START Material for this exercise

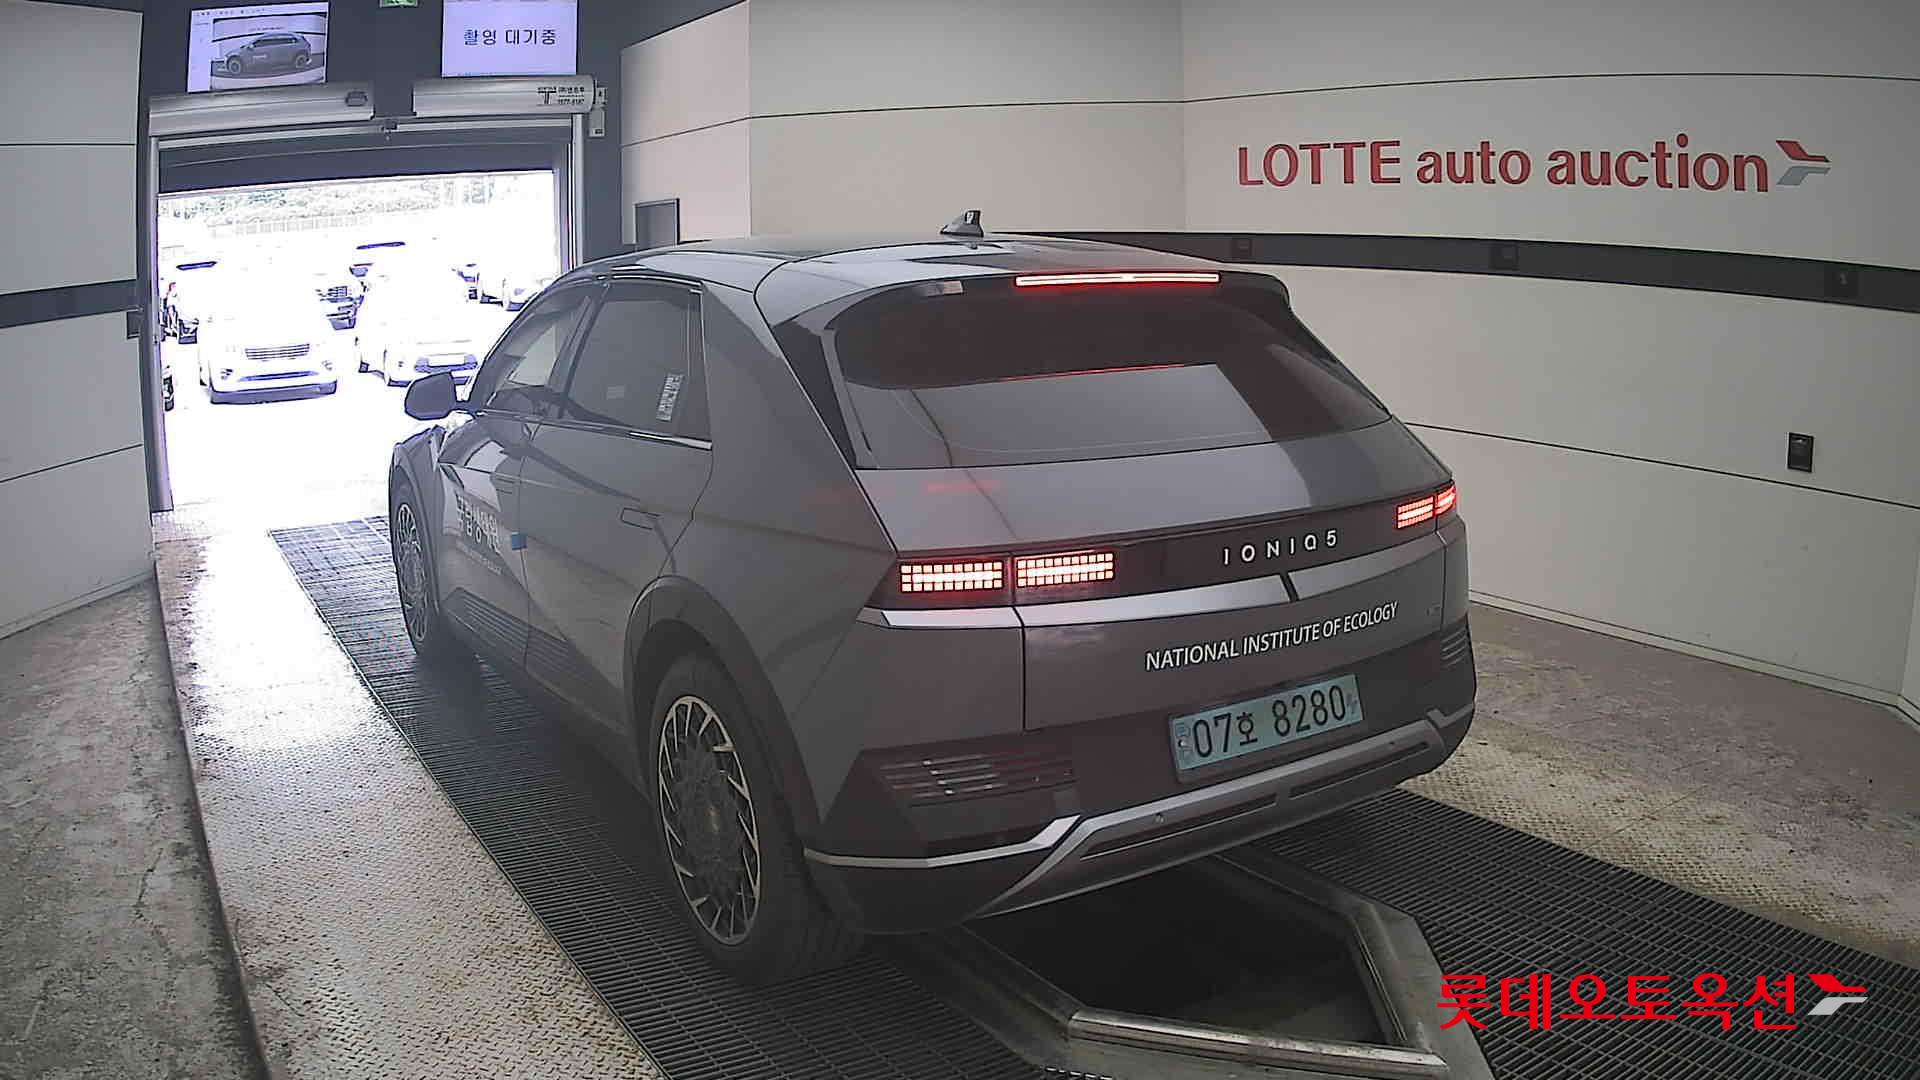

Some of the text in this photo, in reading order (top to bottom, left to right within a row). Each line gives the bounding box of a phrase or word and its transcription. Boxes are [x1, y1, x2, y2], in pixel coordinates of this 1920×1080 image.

[505, 28, 556, 46] 대기중
[1238, 132, 1769, 193] LOTTE auto auction
[1145, 601, 1399, 671] NATIONAL INSTITUTE OF ECOLOGY
[1192, 712, 1258, 758] 07호
[1271, 684, 1347, 738] 8280

END Material for this exercise

Your objective:
With the pictures left out, output all the entries exactly.

Response area:
Some of the text in this photo, in reading order (top to bottom, left to right within a row). Each line gives the bounding box of a phrase or word and its transcription. Boxes are [x1, y1, x2, y2], in pixel coordinates of this 1920×1080 image.

[505, 28, 556, 46] 대기중
[1238, 132, 1769, 193] LOTTE auto auction
[1145, 601, 1399, 671] NATIONAL INSTITUTE OF ECOLOGY
[1192, 712, 1258, 758] 07호
[1271, 684, 1347, 738] 8280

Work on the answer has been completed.